Tawni Tidwell, Postdoctoral Research Associate, Center for Healthy Minds
Tawni learned about her heritage from her paternal grandfather in the Ozarks with kinship to the Western Cherokee and her maternal grandfather, who grew up as part of the Assiniboine (Nakhóta) in Montana — exploring how to read the land and the stories it tells of our shared history. Eager to learn more, Tawni immersed in five years animal tracking, nature awareness, wilderness survival and traditional ecological knowledge training on Lenni-Lenape land in the Pine Barrens of southern Jersey, and taught survival and tracking children’s programs in which First Nation youth from various North American tribes participated.
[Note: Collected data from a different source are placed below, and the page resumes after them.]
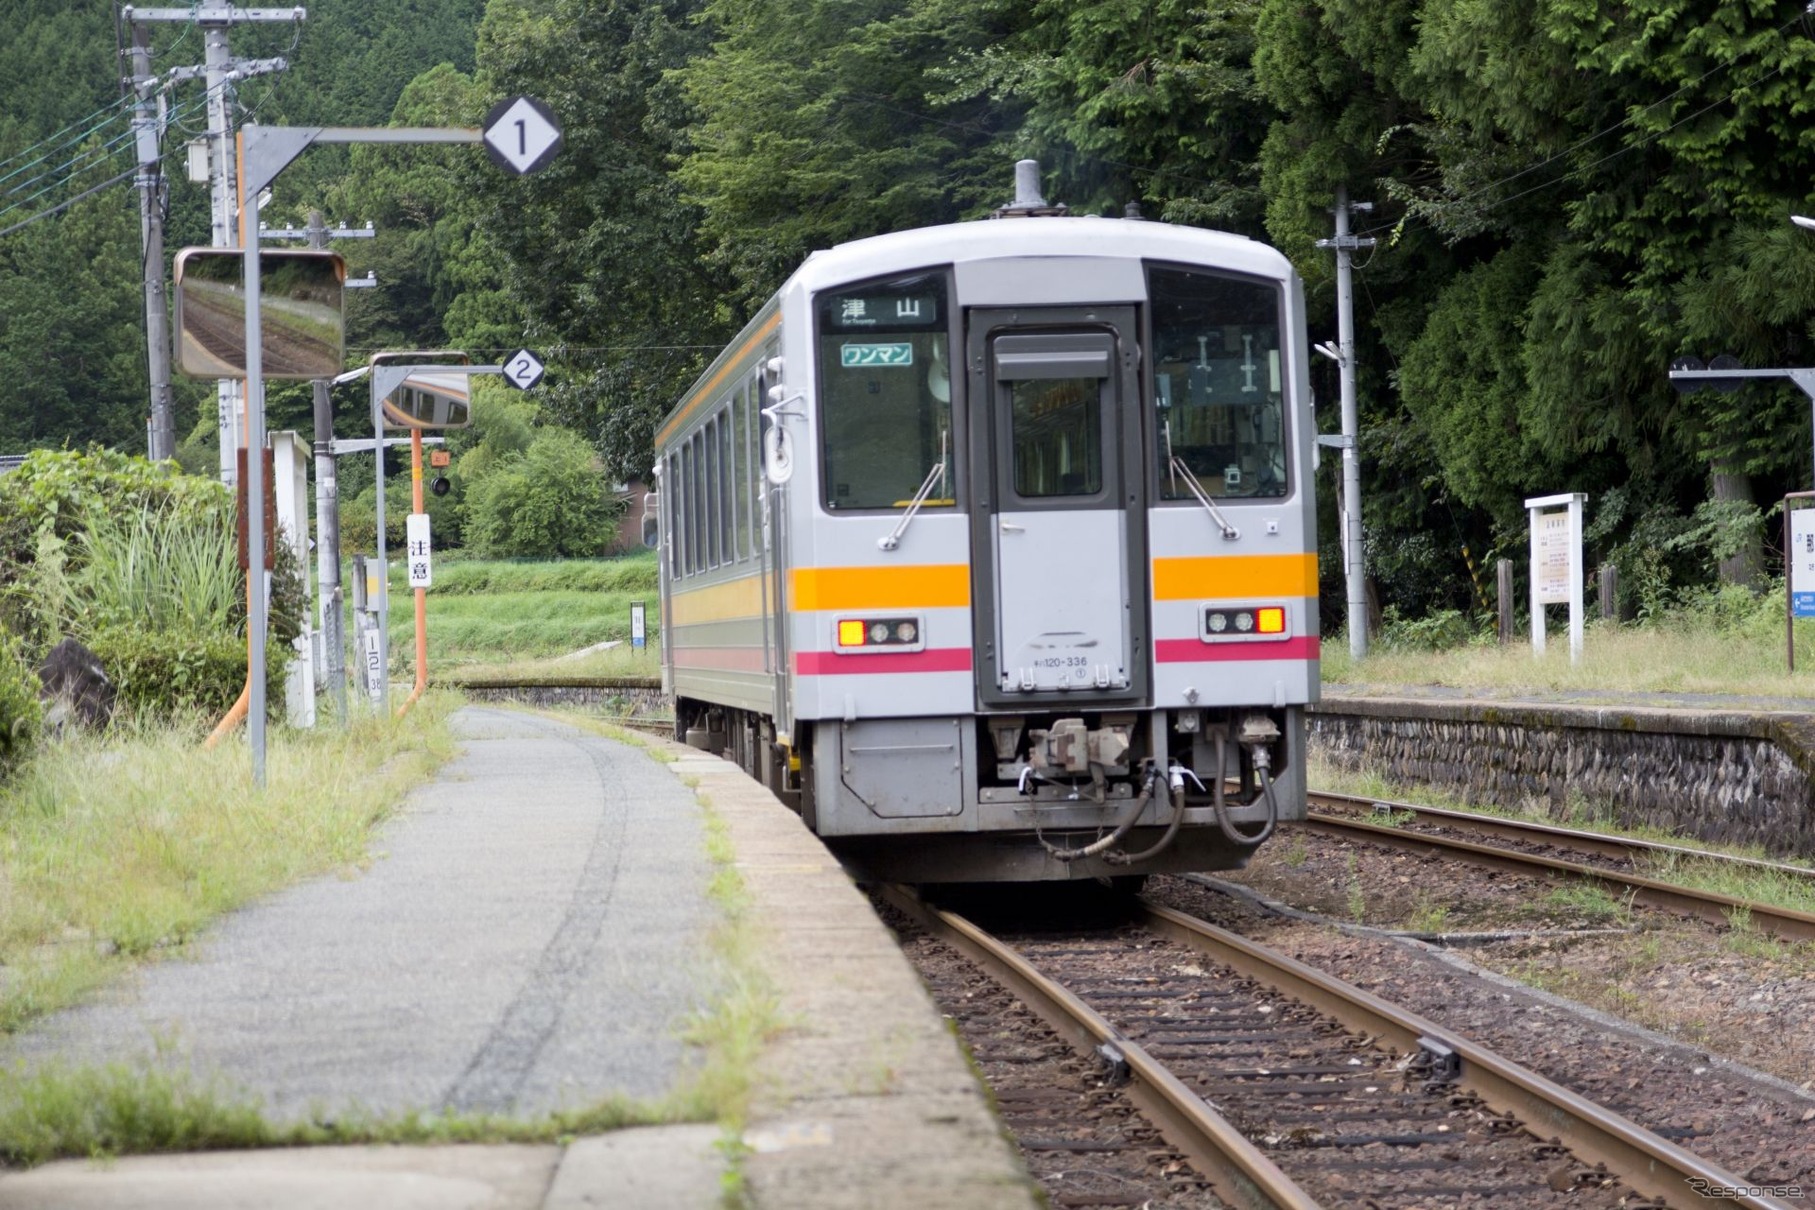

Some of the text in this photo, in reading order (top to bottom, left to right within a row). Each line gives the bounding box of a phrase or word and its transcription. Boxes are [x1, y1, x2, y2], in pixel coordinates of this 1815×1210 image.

[514, 118, 526, 155] 1
[842, 297, 919, 318] 津山
[845, 346, 909, 363] ワンマン
[516, 359, 531, 379] 2
[411, 541, 428, 579] 注意
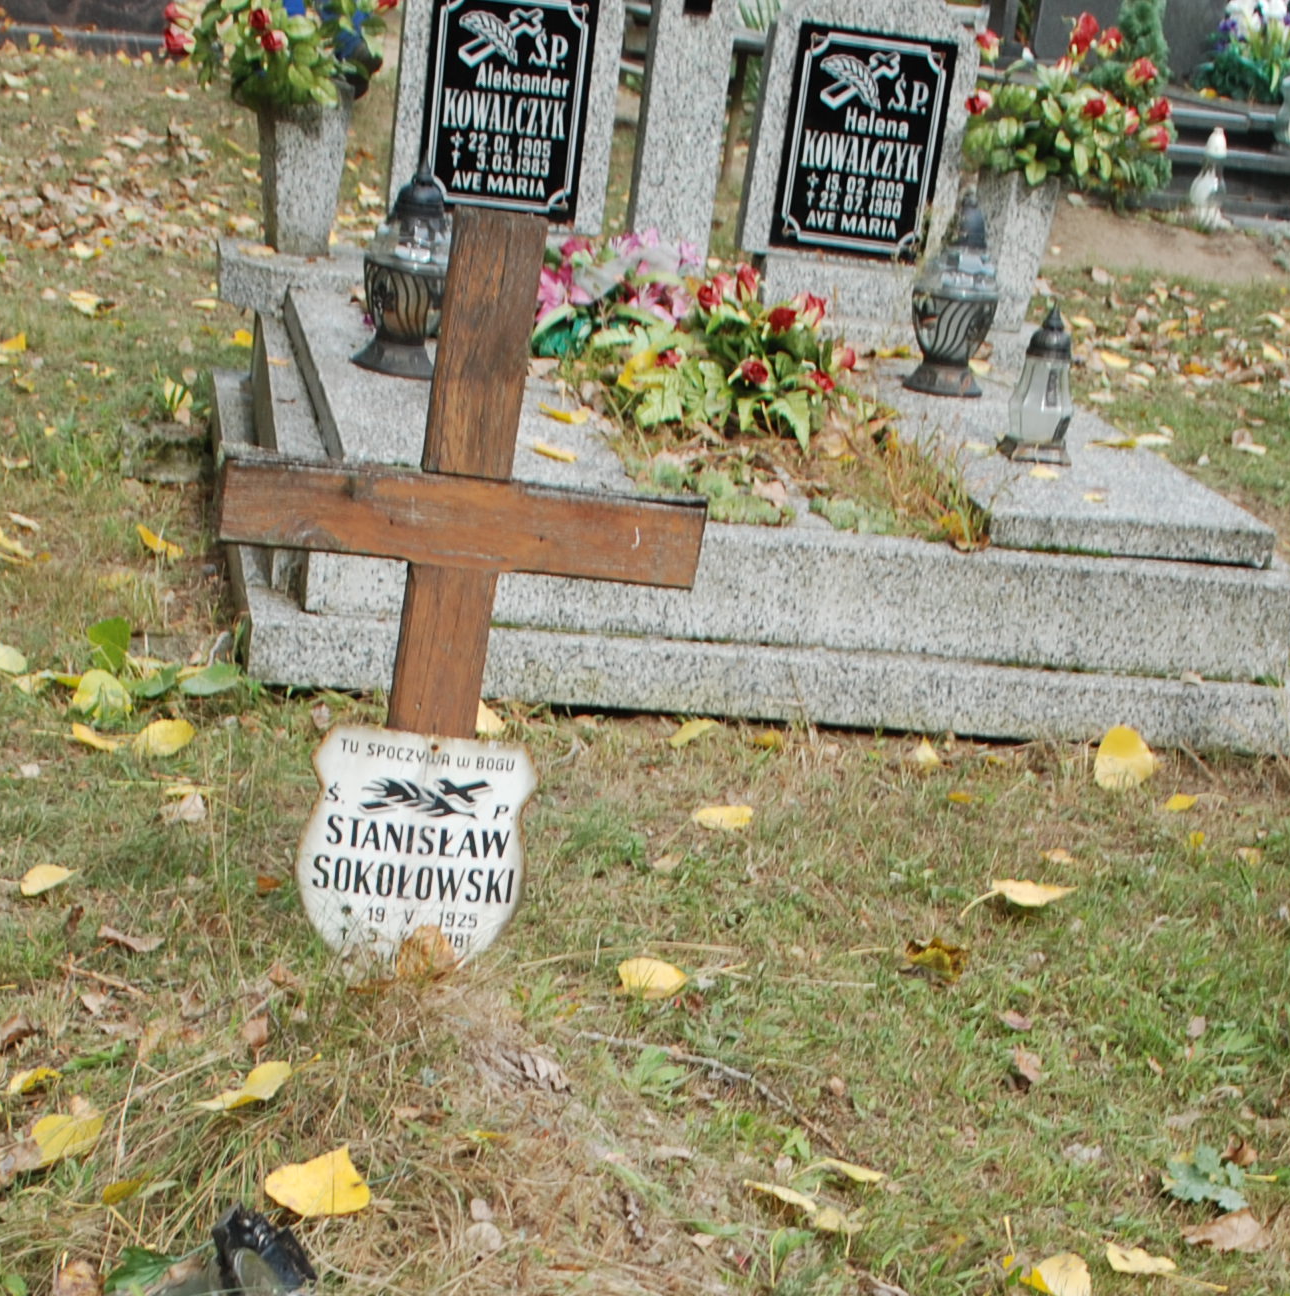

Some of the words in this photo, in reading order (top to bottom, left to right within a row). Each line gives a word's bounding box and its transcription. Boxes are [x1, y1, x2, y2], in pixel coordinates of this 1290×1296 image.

[475, 62, 570, 97] Aleksander
[442, 88, 566, 140] KOWALCZYK
[844, 106, 909, 139] Helena
[800, 129, 922, 183] KOWALCZYK
[451, 170, 482, 191] AVE
[487, 174, 545, 198] MARIA
[806, 210, 835, 231] AVE
[840, 214, 897, 238] MARIA
[340, 738, 359, 755] TU
[366, 742, 451, 767] SPOCZYWA
[475, 756, 515, 772] BOGU
[325, 814, 511, 859] STANISŁAW
[312, 854, 515, 904] SOKOŁOWSKI
[368, 906, 386, 923] 19
[440, 911, 478, 929] 1925
Traditions from which she studied include Lipan Apache, Eastern Band Cherokee and Akamba transmitted primarily by her tracking teachers.
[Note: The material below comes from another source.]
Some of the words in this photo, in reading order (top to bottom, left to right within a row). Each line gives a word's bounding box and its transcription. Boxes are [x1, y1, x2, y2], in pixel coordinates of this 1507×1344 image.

An eagerness to learn heritage knowledge of sustaining cultivated relationships with the natural world, wild harvested food practices and medical knowledge rooted in ecological relationship, Tawni traveled to Tibetan regions throughout the Himalayas in north India, Ladakh, and Tibet, as well as to mountain and Amazonian communities in Peru and Bolivia - such as the Nacion Q’eros and Machiguenga. Tawni developed cultural ecology programs in the Himalayas, Andes and Amazon, working with youth in learning indigenous practices and knowledge of the land and well-being. This work led her to pursue training as a traditional Tibetan medical doctor and biocultural anthropologist to help translate knowledge of well-being across contemporary epistemic paradigms and into people’s bodies and relationships with the earth.